• **Problem**:
After locating the line that contains "this 1600×900 image." in the following entries, reproduce it and each later line exactly, including the last.

(Exercise inputs)

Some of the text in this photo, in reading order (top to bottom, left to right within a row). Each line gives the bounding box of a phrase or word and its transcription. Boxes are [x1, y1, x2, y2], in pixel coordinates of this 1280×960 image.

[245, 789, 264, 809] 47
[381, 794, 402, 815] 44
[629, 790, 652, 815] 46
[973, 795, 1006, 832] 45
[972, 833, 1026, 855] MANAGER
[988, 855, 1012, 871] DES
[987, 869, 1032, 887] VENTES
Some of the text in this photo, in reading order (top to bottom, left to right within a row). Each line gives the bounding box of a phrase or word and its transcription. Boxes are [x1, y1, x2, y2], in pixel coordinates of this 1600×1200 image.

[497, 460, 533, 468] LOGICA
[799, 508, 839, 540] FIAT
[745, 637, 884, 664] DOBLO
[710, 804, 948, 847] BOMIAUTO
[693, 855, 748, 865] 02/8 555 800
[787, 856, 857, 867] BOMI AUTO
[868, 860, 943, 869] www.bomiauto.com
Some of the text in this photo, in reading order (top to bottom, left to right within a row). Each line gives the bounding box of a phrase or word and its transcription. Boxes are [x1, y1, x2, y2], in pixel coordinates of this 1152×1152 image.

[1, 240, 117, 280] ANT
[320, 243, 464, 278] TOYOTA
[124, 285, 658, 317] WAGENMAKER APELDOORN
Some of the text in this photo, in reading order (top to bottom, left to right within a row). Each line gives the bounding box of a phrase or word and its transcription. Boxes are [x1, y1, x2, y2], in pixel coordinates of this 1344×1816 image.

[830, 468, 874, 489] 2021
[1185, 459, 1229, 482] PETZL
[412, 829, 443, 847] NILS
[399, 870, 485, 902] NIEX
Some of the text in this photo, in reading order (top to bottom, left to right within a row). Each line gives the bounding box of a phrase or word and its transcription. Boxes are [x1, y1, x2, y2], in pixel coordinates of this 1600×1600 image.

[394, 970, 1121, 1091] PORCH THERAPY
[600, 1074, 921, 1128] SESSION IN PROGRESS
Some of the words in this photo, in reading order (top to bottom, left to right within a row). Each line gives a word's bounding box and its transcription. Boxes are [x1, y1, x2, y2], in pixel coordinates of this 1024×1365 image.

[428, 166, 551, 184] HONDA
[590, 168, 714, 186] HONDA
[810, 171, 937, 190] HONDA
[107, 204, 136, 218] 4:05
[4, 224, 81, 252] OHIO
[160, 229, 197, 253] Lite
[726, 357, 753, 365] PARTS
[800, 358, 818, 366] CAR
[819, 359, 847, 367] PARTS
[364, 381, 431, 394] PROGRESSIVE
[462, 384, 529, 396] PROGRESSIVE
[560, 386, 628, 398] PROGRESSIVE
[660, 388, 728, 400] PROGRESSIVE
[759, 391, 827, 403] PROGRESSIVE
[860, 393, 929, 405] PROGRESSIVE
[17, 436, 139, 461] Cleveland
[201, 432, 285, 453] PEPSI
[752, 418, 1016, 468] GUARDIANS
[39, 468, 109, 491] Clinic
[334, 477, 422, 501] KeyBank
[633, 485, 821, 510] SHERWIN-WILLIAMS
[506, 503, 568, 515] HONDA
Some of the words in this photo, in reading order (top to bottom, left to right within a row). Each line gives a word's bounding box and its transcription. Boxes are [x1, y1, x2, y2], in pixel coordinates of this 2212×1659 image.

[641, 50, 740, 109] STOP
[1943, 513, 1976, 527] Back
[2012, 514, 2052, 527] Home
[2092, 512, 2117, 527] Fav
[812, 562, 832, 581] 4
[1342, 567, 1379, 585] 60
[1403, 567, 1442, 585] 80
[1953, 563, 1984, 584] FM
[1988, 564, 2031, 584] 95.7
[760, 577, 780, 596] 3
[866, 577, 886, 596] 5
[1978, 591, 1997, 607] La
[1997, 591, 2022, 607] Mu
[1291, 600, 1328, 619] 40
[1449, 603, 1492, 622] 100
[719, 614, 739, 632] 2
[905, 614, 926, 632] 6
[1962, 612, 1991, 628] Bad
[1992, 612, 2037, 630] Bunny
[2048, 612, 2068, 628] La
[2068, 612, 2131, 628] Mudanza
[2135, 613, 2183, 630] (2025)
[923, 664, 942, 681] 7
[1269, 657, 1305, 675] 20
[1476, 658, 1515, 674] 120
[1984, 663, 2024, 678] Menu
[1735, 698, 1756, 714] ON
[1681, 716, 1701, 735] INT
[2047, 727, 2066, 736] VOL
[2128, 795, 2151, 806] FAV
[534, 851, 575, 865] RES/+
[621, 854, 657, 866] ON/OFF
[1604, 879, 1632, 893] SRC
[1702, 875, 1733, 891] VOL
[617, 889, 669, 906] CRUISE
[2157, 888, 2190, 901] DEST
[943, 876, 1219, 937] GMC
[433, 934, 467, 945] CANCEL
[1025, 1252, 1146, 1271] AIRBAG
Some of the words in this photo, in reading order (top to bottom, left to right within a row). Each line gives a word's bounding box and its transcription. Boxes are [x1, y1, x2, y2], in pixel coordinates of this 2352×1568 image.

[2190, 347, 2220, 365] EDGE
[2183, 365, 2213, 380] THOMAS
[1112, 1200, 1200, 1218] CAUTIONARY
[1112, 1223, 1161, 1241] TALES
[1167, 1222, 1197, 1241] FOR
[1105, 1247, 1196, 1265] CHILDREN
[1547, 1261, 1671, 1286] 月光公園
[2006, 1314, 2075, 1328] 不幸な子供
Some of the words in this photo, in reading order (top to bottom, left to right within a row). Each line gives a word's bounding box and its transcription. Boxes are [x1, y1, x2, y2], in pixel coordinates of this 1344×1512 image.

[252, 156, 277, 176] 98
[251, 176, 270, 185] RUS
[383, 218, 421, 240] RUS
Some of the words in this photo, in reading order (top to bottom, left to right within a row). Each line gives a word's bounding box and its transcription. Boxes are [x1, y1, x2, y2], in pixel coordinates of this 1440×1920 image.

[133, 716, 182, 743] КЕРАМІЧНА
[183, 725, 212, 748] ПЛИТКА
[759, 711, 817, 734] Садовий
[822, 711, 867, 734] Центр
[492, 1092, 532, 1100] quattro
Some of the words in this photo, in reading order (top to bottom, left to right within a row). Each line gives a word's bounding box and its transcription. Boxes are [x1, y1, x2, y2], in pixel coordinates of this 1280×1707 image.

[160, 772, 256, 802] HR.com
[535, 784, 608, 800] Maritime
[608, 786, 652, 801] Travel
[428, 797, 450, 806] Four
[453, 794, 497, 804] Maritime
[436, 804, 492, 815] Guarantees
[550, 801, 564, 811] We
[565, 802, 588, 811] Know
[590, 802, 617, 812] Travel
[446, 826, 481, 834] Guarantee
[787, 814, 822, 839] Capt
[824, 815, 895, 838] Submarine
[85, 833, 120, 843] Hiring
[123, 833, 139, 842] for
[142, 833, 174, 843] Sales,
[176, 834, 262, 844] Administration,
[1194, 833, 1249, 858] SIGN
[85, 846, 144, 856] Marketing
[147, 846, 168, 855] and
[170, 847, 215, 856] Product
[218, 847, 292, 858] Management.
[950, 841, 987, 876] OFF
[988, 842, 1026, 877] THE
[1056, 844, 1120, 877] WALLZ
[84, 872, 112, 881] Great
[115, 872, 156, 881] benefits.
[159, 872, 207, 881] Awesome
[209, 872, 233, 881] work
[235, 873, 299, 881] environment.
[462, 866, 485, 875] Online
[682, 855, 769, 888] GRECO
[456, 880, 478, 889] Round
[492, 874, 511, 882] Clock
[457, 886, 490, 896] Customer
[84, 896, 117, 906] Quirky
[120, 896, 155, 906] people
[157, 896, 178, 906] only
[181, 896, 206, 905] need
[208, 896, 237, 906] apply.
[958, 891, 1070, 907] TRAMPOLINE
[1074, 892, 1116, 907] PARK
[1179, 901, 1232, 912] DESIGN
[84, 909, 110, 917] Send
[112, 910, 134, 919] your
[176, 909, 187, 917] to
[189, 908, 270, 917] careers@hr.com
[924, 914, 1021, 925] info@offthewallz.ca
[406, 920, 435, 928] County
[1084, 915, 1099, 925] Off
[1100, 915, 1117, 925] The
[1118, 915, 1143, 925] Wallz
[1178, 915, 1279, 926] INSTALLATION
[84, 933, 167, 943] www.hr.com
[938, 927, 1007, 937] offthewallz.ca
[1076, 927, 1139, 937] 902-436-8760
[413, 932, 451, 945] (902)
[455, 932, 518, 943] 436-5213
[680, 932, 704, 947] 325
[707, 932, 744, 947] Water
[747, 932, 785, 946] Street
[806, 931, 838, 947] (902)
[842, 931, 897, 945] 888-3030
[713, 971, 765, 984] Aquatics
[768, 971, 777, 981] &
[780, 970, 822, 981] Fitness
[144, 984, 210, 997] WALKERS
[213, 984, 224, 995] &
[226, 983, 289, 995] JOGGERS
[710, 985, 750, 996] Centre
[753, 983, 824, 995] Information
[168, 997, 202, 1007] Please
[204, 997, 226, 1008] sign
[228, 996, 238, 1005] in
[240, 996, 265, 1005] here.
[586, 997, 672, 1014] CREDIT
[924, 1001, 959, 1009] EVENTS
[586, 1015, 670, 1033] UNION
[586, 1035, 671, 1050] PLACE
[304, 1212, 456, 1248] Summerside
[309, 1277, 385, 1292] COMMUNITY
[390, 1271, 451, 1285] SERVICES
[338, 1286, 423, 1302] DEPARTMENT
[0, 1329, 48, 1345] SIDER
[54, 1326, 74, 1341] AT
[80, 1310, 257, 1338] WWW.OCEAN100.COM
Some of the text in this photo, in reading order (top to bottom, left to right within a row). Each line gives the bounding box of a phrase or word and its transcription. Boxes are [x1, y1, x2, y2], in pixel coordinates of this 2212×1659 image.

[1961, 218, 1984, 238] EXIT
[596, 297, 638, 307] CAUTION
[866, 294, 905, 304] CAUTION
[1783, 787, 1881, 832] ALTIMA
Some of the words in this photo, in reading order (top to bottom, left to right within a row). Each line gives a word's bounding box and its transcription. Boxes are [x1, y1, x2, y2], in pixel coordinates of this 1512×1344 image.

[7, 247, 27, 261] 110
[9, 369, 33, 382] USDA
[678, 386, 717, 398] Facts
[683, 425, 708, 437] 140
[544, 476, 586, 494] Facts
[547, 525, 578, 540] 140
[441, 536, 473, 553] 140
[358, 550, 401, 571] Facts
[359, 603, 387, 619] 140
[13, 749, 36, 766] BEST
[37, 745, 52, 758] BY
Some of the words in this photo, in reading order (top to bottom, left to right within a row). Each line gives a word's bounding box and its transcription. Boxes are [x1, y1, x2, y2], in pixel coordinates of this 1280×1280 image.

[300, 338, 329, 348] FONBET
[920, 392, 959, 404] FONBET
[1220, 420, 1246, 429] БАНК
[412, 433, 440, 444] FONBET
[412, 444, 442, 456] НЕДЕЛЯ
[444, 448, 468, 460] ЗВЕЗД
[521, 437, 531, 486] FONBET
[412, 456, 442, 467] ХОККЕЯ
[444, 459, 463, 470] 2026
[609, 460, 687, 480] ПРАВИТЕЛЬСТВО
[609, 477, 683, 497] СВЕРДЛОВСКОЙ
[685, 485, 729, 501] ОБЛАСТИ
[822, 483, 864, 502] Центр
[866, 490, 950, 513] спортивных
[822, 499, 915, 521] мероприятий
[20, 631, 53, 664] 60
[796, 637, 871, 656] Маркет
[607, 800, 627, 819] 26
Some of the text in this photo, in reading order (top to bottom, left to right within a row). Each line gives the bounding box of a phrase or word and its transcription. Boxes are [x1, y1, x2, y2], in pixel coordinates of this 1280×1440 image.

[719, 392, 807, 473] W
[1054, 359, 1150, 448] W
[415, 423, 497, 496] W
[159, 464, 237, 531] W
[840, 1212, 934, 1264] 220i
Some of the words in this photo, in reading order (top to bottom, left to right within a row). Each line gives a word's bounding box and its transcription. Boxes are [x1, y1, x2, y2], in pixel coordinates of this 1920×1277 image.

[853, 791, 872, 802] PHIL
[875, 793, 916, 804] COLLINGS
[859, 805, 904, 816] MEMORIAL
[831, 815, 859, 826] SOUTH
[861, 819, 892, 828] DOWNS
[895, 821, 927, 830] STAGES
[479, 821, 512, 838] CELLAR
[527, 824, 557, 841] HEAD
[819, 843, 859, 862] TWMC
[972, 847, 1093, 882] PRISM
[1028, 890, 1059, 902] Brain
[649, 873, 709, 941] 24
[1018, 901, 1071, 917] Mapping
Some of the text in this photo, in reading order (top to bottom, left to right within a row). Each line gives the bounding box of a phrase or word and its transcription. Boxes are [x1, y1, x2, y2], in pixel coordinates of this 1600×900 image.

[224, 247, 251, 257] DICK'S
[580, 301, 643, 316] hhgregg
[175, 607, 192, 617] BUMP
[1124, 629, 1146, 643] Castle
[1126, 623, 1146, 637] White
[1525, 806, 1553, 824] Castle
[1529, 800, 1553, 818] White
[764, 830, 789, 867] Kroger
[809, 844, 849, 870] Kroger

(End Exercise inputs)

• **Result below**:
Some of the text in this photo, in reading order (top to bottom, left to right within a row). Each line gives the bounding box of a phrase or word and its transcription. Boxes are [x1, y1, x2, y2], in pixel coordinates of this 1600×900 image.

[224, 247, 251, 257] DICK'S
[580, 301, 643, 316] hhgregg
[175, 607, 192, 617] BUMP
[1124, 629, 1146, 643] Castle
[1126, 623, 1146, 637] White
[1525, 806, 1553, 824] Castle
[1529, 800, 1553, 818] White
[764, 830, 789, 867] Kroger
[809, 844, 849, 870] Kroger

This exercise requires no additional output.